(RECORDS SUPPLIED Opens)

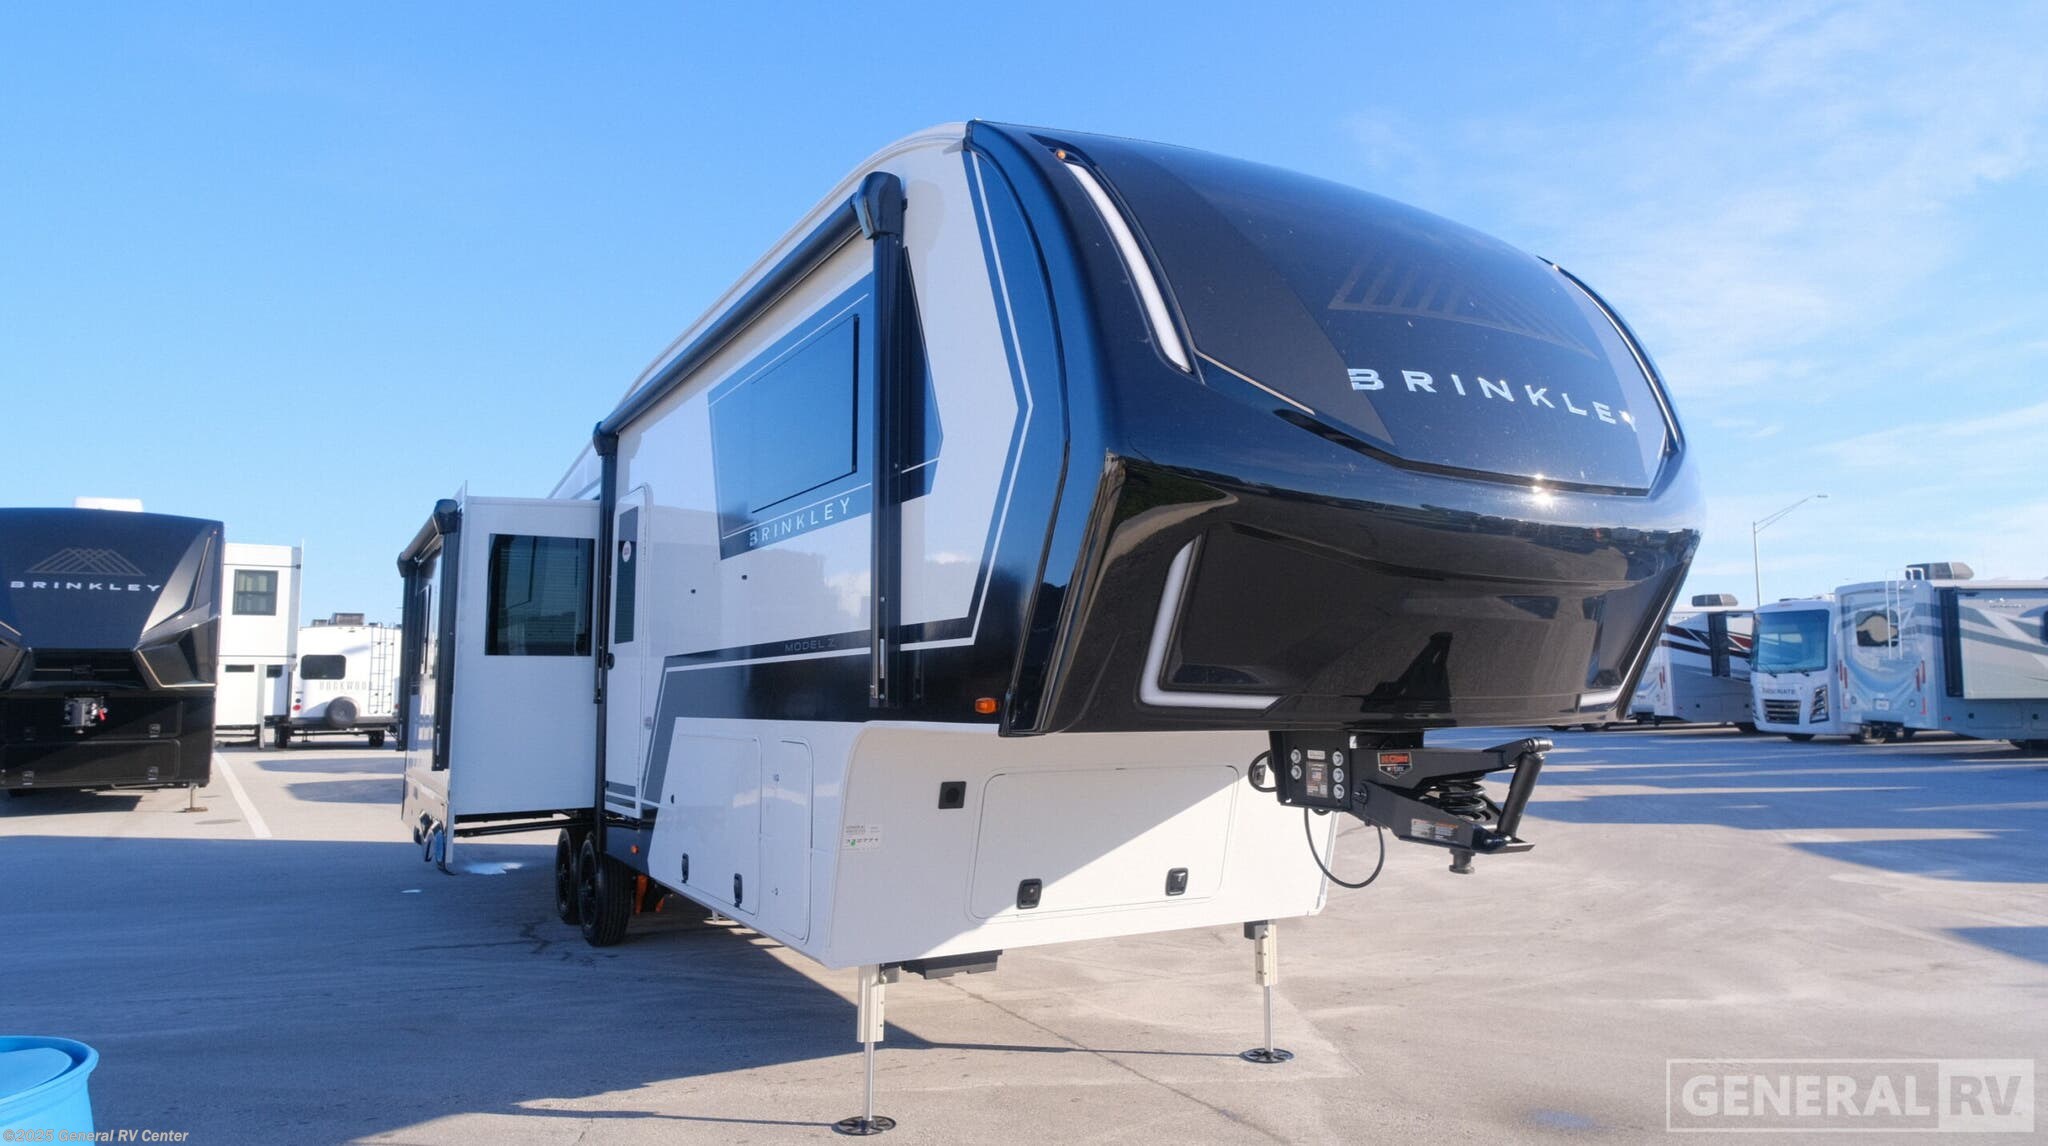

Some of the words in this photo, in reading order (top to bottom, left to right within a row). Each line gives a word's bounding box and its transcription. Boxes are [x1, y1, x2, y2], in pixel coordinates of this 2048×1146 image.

[1346, 367, 1638, 433] BRINKLEY
[748, 496, 851, 547] BRINKLEY
[10, 580, 161, 593] BRINKLEY
[784, 639, 824, 653] MODEL
[827, 638, 836, 648] Z

(RECORDS SUPPLIED Closes)

→ EXERCISE
Output the entries above exactly. Drop the pictures.

→ EXERCISE ANSWER
Some of the words in this photo, in reading order (top to bottom, left to right within a row). Each line gives a word's bounding box and its transcription. Boxes are [x1, y1, x2, y2], in pixel coordinates of this 2048×1146 image.

[1346, 367, 1638, 433] BRINKLEY
[748, 496, 851, 547] BRINKLEY
[10, 580, 161, 593] BRINKLEY
[784, 639, 824, 653] MODEL
[827, 638, 836, 648] Z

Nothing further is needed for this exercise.